Input data:
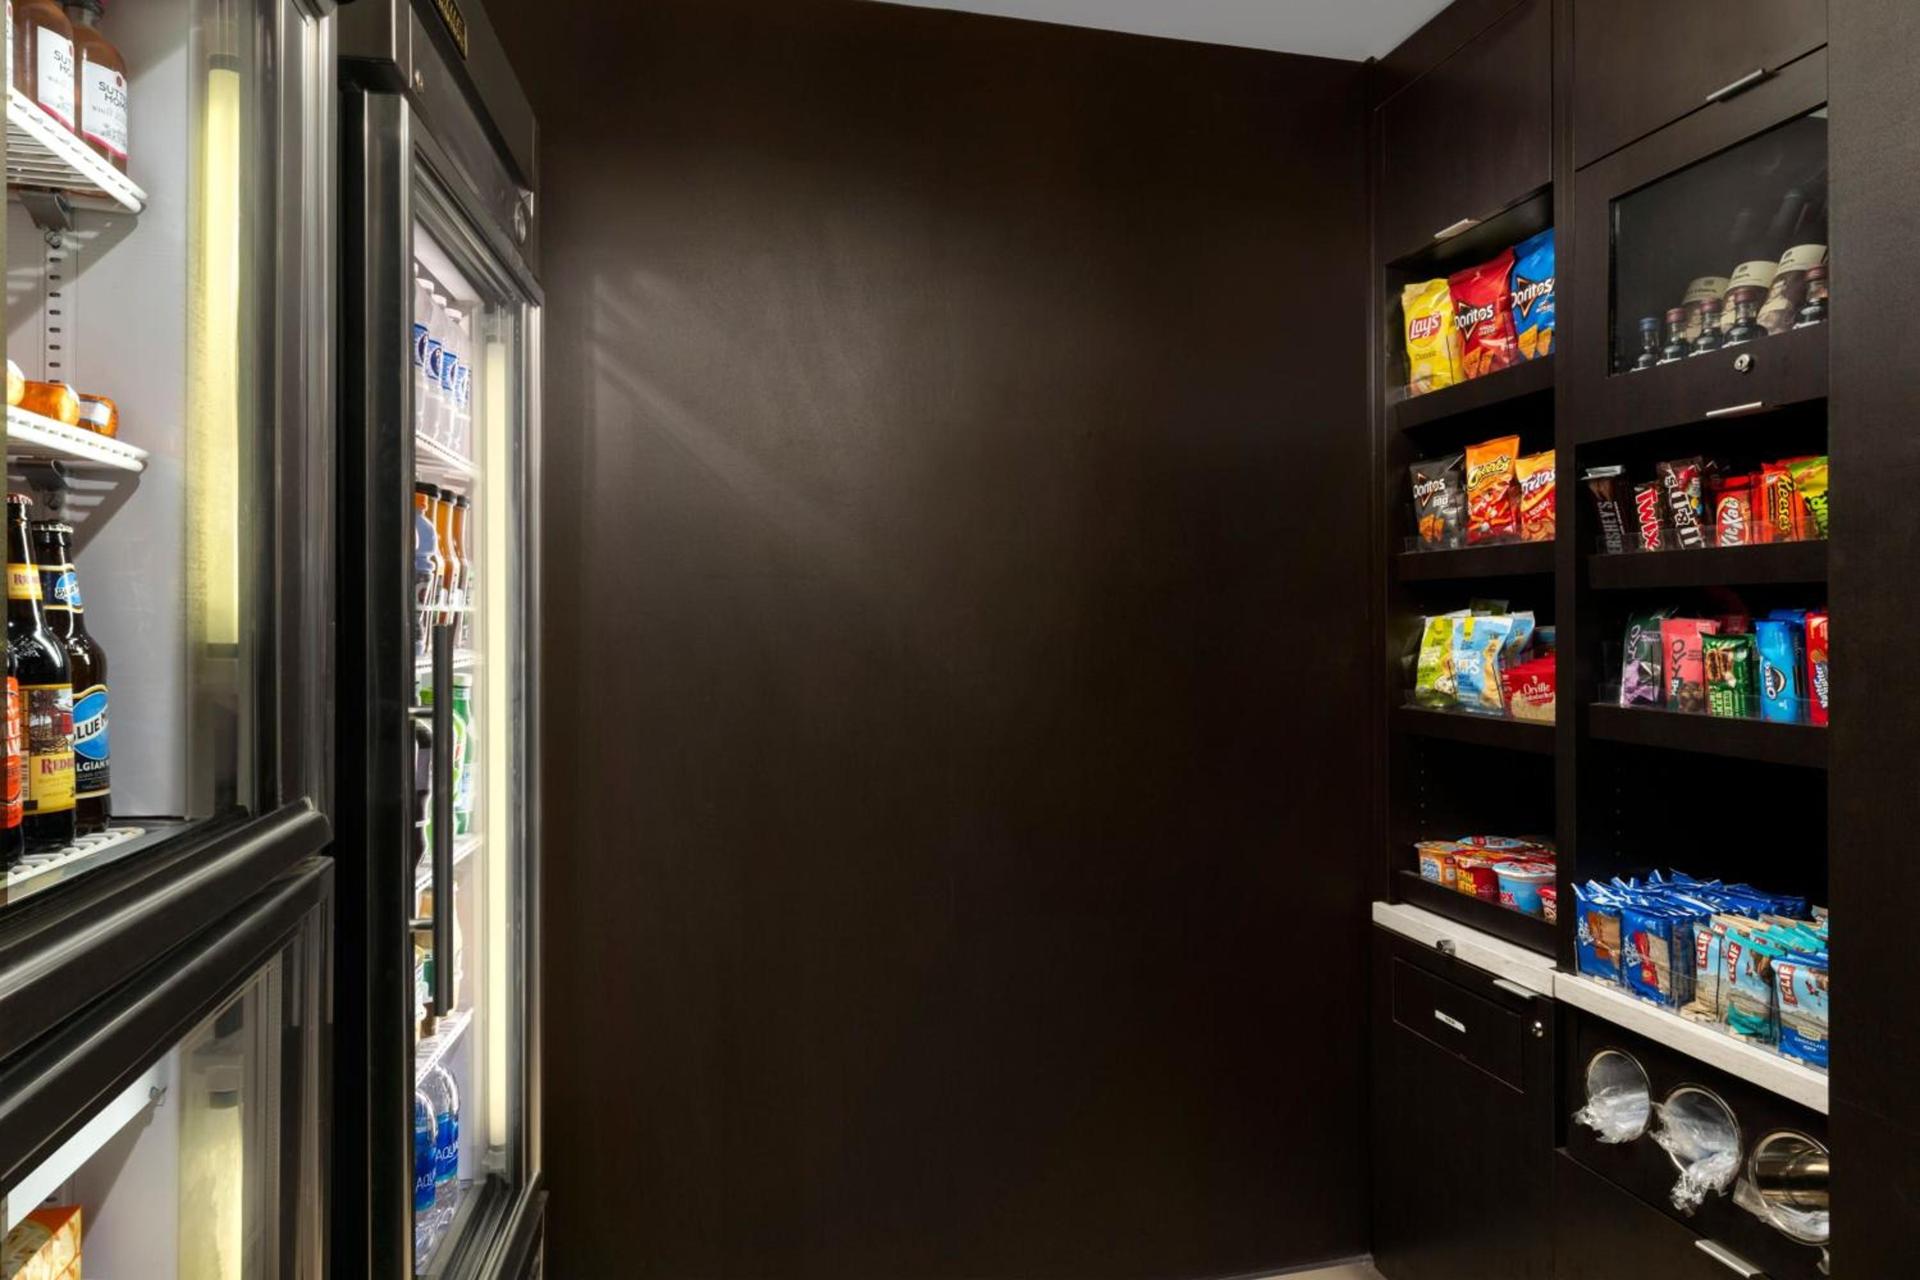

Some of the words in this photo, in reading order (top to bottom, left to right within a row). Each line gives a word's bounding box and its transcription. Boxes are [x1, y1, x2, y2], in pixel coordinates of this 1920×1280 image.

[1413, 477, 1446, 499] Doritos
[1467, 456, 1510, 490] Cheetos
[1597, 501, 1622, 554] ERSHEY'S
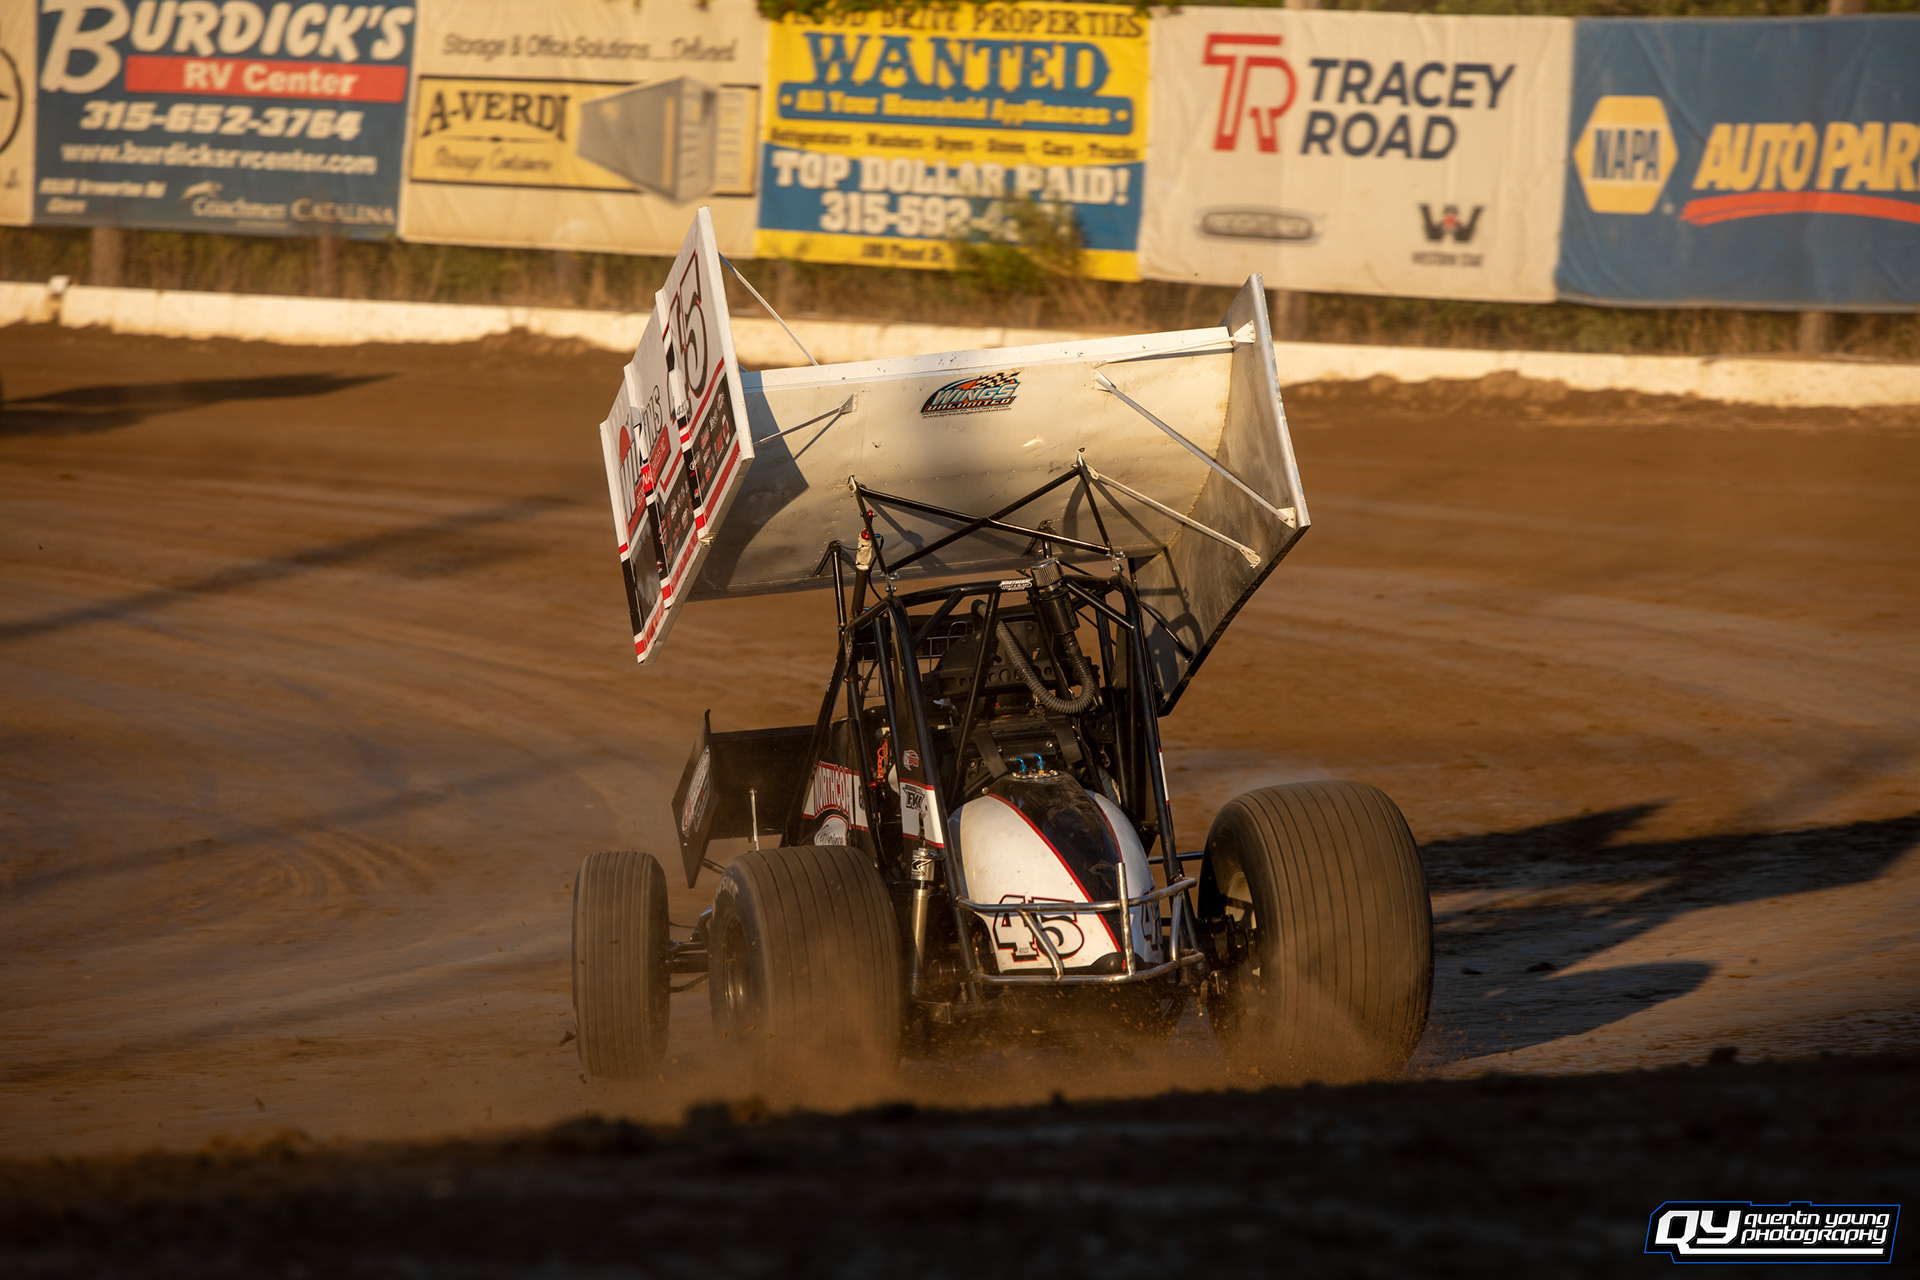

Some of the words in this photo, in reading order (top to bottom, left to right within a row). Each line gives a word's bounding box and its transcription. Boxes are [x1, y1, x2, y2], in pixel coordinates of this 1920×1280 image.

Work required: Set down the entries above exactly, and keep every picture out of your copy.

Task result:
Some of the words in this photo, in reading order (top to bottom, left to right within a row). Each line gives a word's bounding box and its transcription. Boxes are [x1, y1, x2, y2], in pixel coordinates of this 1920×1280 image.

[1413, 477, 1446, 499] Doritos
[1467, 456, 1510, 490] Cheetos
[1597, 501, 1622, 554] ERSHEY'S

Some of the words in this photo, in reading order (top to bottom, left to right within a row). Each line gives a word's bounding box and its transcription. Boxes are [x1, y1, x2, y2], in pixel coordinates of this 1920×1280 image.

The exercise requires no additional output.